Excerpts from a dataset:

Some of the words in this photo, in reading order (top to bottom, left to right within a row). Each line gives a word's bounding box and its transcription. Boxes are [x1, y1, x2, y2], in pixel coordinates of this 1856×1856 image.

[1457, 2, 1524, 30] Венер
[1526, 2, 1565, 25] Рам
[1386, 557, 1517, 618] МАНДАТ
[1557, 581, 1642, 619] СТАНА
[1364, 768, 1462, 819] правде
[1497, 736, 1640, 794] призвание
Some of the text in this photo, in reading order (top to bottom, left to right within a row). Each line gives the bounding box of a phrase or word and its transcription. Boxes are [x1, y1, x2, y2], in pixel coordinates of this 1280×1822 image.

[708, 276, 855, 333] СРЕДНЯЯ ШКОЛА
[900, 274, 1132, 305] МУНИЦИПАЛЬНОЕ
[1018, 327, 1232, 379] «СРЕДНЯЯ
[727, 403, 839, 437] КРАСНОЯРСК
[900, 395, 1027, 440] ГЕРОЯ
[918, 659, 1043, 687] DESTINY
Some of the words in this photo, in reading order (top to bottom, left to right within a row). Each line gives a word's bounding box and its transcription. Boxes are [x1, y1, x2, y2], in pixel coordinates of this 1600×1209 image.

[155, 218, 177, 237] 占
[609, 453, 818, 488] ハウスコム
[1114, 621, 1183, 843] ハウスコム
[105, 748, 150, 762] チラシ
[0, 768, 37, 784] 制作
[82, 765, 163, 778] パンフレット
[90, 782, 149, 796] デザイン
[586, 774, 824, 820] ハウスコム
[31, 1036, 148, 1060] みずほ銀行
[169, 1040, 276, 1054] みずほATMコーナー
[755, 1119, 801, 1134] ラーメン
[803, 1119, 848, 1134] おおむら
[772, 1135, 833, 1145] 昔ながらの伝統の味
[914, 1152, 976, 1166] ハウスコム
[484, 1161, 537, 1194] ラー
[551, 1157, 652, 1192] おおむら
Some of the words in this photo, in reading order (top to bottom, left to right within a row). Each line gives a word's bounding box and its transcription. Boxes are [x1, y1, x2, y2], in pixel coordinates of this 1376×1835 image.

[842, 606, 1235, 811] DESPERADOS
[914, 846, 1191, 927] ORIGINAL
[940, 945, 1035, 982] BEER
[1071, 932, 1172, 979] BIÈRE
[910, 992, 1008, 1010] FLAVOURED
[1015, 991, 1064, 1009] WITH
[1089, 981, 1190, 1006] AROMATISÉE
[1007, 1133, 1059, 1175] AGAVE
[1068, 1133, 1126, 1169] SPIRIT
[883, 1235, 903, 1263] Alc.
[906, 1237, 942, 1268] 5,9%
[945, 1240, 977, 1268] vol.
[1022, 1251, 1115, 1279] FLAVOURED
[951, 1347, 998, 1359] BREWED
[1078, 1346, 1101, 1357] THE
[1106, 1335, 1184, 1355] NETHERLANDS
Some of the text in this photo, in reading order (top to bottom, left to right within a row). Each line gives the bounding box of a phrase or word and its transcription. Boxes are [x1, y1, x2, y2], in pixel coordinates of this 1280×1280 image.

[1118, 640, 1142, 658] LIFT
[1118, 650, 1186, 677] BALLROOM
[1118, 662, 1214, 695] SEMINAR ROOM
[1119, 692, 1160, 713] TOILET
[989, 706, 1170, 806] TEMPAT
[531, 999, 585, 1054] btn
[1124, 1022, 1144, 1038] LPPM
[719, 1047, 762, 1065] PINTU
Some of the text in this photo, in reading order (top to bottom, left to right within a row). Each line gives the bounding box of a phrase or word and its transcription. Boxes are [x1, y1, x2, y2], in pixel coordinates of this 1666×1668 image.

EXERCISE DETAILS: Retype every line above with nothing changed.

ANSWER FOR THE TASK:
Some of the words in this photo, in reading order (top to bottom, left to right within a row). Each line gives a word's bounding box and its transcription. Boxes are [x1, y1, x2, y2], in pixel coordinates of this 1856×1856 image.

[1457, 2, 1524, 30] Венер
[1526, 2, 1565, 25] Рам
[1386, 557, 1517, 618] МАНДАТ
[1557, 581, 1642, 619] СТАНА
[1364, 768, 1462, 819] правде
[1497, 736, 1640, 794] призвание
Some of the text in this photo, in reading order (top to bottom, left to right within a row). Each line gives the bounding box of a phrase or word and its transcription. Boxes are [x1, y1, x2, y2], in pixel coordinates of this 1280×1822 image.

[708, 276, 855, 333] СРЕДНЯЯ ШКОЛА
[900, 274, 1132, 305] МУНИЦИПАЛЬНОЕ
[1018, 327, 1232, 379] «СРЕДНЯЯ
[727, 403, 839, 437] КРАСНОЯРСК
[900, 395, 1027, 440] ГЕРОЯ
[918, 659, 1043, 687] DESTINY
Some of the words in this photo, in reading order (top to bottom, left to right within a row). Each line gives a word's bounding box and its transcription. Boxes are [x1, y1, x2, y2], in pixel coordinates of this 1600×1209 image.

[155, 218, 177, 237] 占
[609, 453, 818, 488] ハウスコム
[1114, 621, 1183, 843] ハウスコム
[105, 748, 150, 762] チラシ
[0, 768, 37, 784] 制作
[82, 765, 163, 778] パンフレット
[90, 782, 149, 796] デザイン
[586, 774, 824, 820] ハウスコム
[31, 1036, 148, 1060] みずほ銀行
[169, 1040, 276, 1054] みずほATMコーナー
[755, 1119, 801, 1134] ラーメン
[803, 1119, 848, 1134] おおむら
[772, 1135, 833, 1145] 昔ながらの伝統の味
[914, 1152, 976, 1166] ハウスコム
[484, 1161, 537, 1194] ラー
[551, 1157, 652, 1192] おおむら
Some of the words in this photo, in reading order (top to bottom, left to right within a row). Each line gives a word's bounding box and its transcription. Boxes are [x1, y1, x2, y2], in pixel coordinates of this 1376×1835 image.

[842, 606, 1235, 811] DESPERADOS
[914, 846, 1191, 927] ORIGINAL
[940, 945, 1035, 982] BEER
[1071, 932, 1172, 979] BIÈRE
[910, 992, 1008, 1010] FLAVOURED
[1015, 991, 1064, 1009] WITH
[1089, 981, 1190, 1006] AROMATISÉE
[1007, 1133, 1059, 1175] AGAVE
[1068, 1133, 1126, 1169] SPIRIT
[883, 1235, 903, 1263] Alc.
[906, 1237, 942, 1268] 5,9%
[945, 1240, 977, 1268] vol.
[1022, 1251, 1115, 1279] FLAVOURED
[951, 1347, 998, 1359] BREWED
[1078, 1346, 1101, 1357] THE
[1106, 1335, 1184, 1355] NETHERLANDS
Some of the text in this photo, in reading order (top to bottom, left to right within a row). Each line gives the bounding box of a phrase or word and its transcription. Boxes are [x1, y1, x2, y2], in pixel coordinates of this 1280×1280 image.

[1118, 640, 1142, 658] LIFT
[1118, 650, 1186, 677] BALLROOM
[1118, 662, 1214, 695] SEMINAR ROOM
[1119, 692, 1160, 713] TOILET
[989, 706, 1170, 806] TEMPAT
[531, 999, 585, 1054] btn
[1124, 1022, 1144, 1038] LPPM
[719, 1047, 762, 1065] PINTU
Some of the text in this photo, in reading order (top to bottom, left to right within a row). Each line gives the bounding box of a phrase or word and its transcription. Boxes are [x1, y1, x2, y2], in pixel coordinates of this 1666×1668 image.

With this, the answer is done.